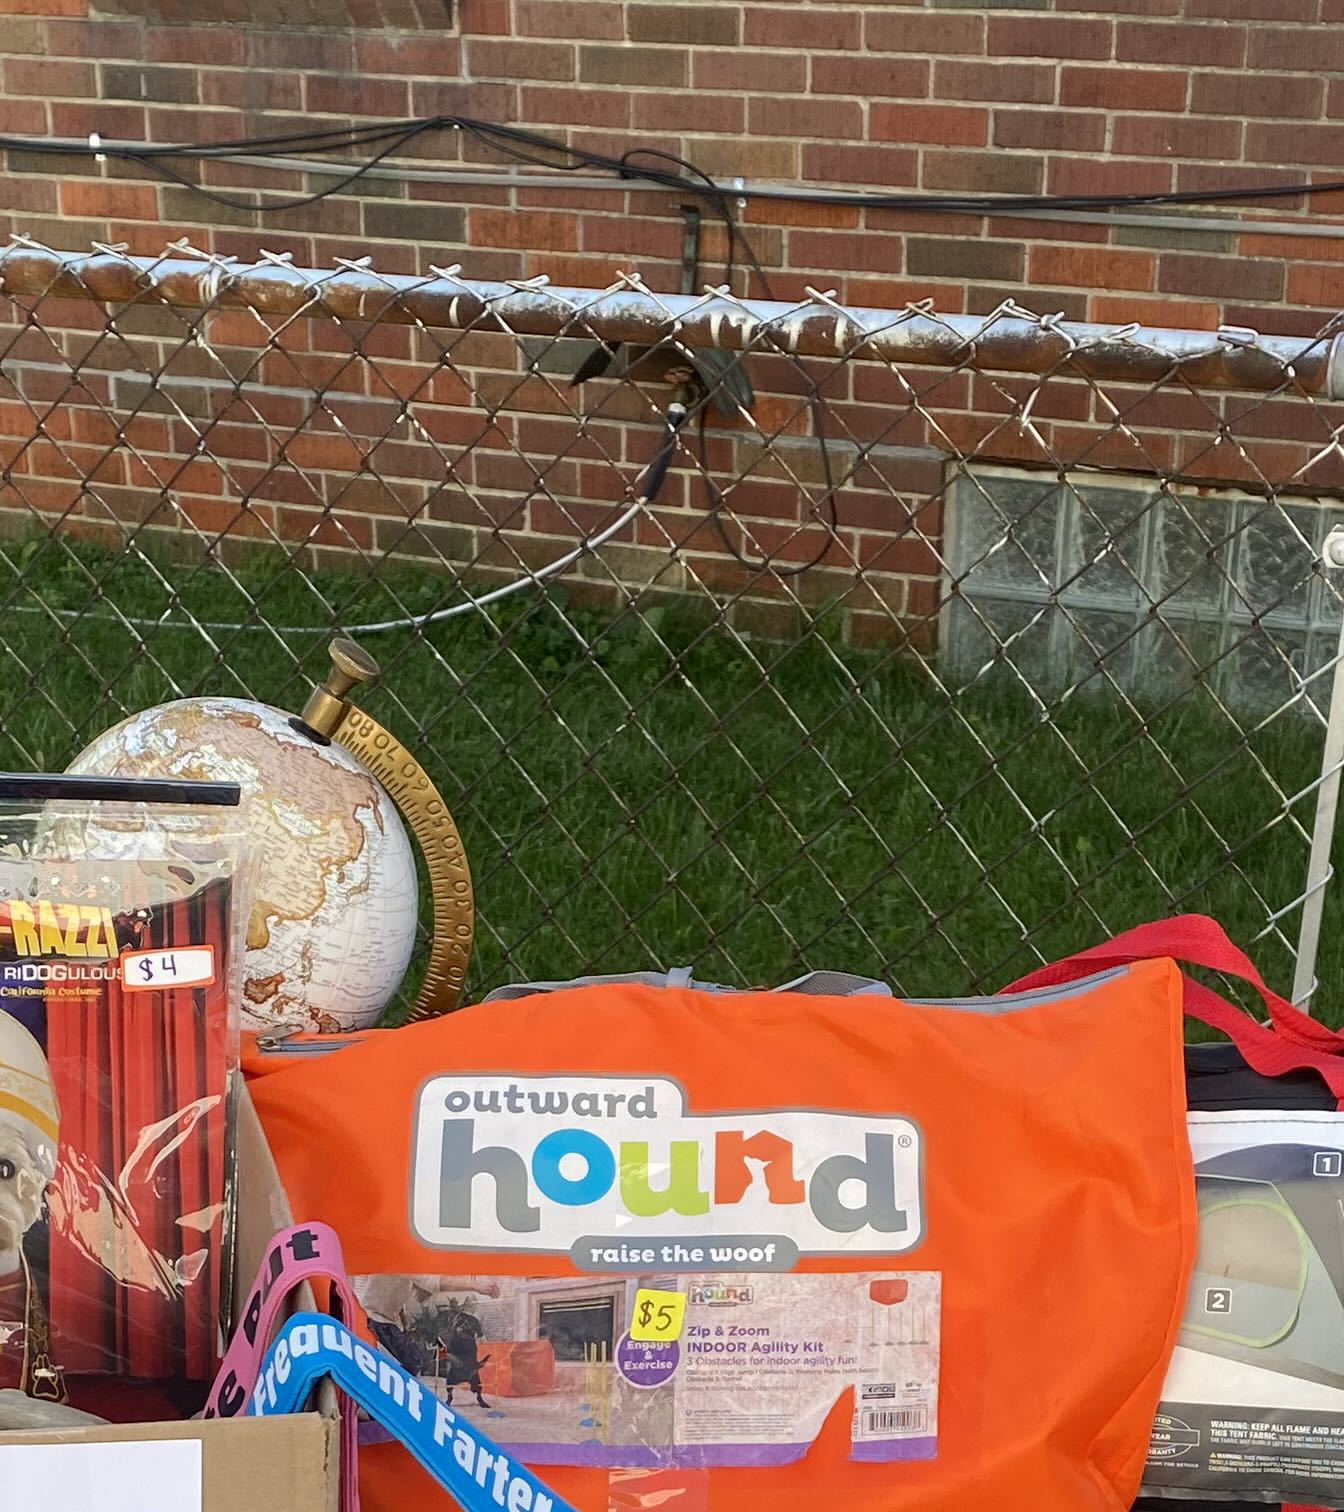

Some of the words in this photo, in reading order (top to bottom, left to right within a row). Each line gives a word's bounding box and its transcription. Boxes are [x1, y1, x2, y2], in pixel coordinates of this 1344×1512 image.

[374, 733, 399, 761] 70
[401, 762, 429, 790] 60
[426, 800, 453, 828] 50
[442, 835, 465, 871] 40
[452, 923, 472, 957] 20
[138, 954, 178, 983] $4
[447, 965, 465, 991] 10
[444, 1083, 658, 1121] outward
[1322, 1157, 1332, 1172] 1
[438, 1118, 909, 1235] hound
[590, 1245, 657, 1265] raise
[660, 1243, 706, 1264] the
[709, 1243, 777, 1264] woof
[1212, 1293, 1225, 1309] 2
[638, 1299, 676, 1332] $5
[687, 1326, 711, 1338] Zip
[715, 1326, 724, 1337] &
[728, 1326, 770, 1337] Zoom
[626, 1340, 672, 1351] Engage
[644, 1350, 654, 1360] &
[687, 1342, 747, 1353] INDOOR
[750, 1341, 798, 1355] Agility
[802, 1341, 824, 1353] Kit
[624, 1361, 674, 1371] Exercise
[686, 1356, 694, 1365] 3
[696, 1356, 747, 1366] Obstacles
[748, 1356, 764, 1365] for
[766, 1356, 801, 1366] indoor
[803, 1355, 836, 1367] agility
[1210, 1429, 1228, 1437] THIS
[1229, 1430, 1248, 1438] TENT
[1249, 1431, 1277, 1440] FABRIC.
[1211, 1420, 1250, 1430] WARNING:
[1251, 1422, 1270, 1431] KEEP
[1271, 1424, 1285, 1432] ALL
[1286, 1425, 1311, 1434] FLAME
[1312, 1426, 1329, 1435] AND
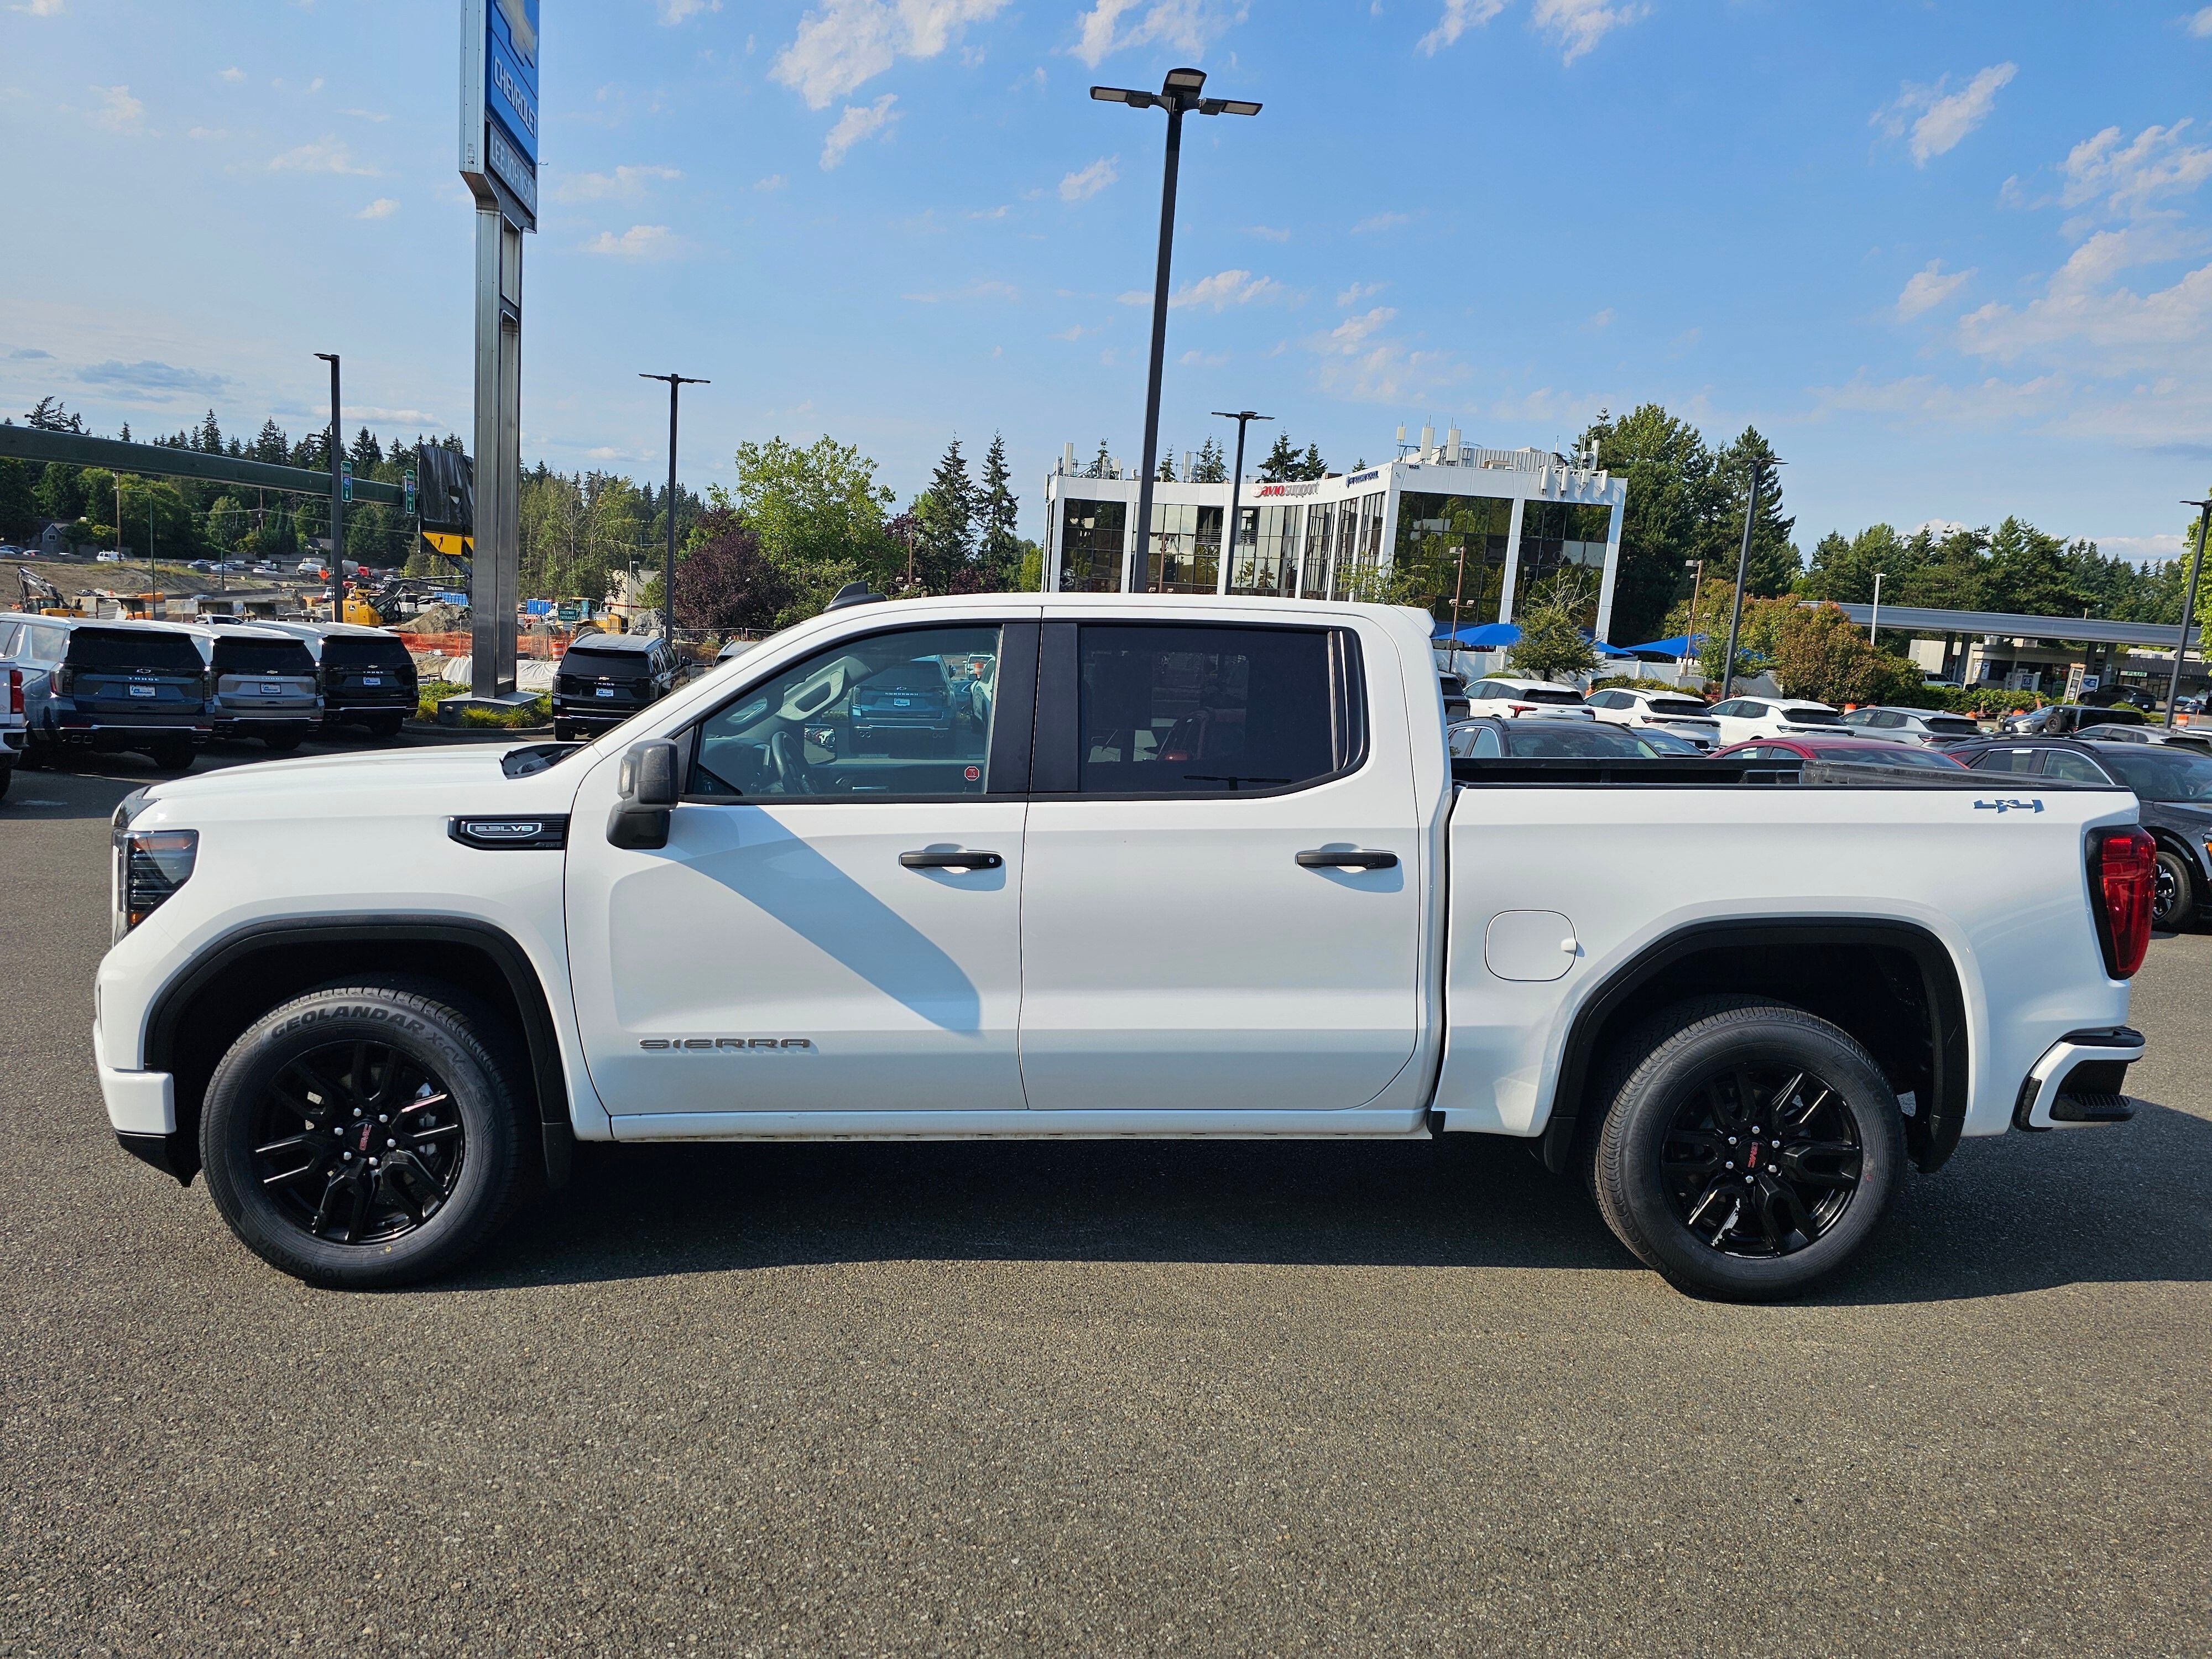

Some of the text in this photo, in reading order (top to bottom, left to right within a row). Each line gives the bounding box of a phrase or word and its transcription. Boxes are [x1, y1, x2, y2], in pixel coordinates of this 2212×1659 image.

▶ **Problem statement**
An exact copy of all the entries is required, and it must contain no pictures.

▶ **Result for this task**
Some of the words in this photo, in reading order (top to bottom, left to right within a row). Each line gives a word's bounding box and its transcription. Boxes are [x1, y1, x2, y2], in pixel coordinates of this 1344×1512 image.

[374, 733, 399, 761] 70
[401, 762, 429, 790] 60
[426, 800, 453, 828] 50
[442, 835, 465, 871] 40
[452, 923, 472, 957] 20
[138, 954, 178, 983] $4
[447, 965, 465, 991] 10
[444, 1083, 658, 1121] outward
[1322, 1157, 1332, 1172] 1
[438, 1118, 909, 1235] hound
[590, 1245, 657, 1265] raise
[660, 1243, 706, 1264] the
[709, 1243, 777, 1264] woof
[1212, 1293, 1225, 1309] 2
[638, 1299, 676, 1332] $5
[687, 1326, 711, 1338] Zip
[715, 1326, 724, 1337] &
[728, 1326, 770, 1337] Zoom
[626, 1340, 672, 1351] Engage
[644, 1350, 654, 1360] &
[687, 1342, 747, 1353] INDOOR
[750, 1341, 798, 1355] Agility
[802, 1341, 824, 1353] Kit
[624, 1361, 674, 1371] Exercise
[686, 1356, 694, 1365] 3
[696, 1356, 747, 1366] Obstacles
[748, 1356, 764, 1365] for
[766, 1356, 801, 1366] indoor
[803, 1355, 836, 1367] agility
[1210, 1429, 1228, 1437] THIS
[1229, 1430, 1248, 1438] TENT
[1249, 1431, 1277, 1440] FABRIC.
[1211, 1420, 1250, 1430] WARNING:
[1251, 1422, 1270, 1431] KEEP
[1271, 1424, 1285, 1432] ALL
[1286, 1425, 1311, 1434] FLAME
[1312, 1426, 1329, 1435] AND

Some of the text in this photo, in reading order (top to bottom, left to right within a row). Each line gives the bounding box of a phrase or word and its transcription. Boxes are [x1, y1, x2, y2], in pixel coordinates of this 2212×1659 image.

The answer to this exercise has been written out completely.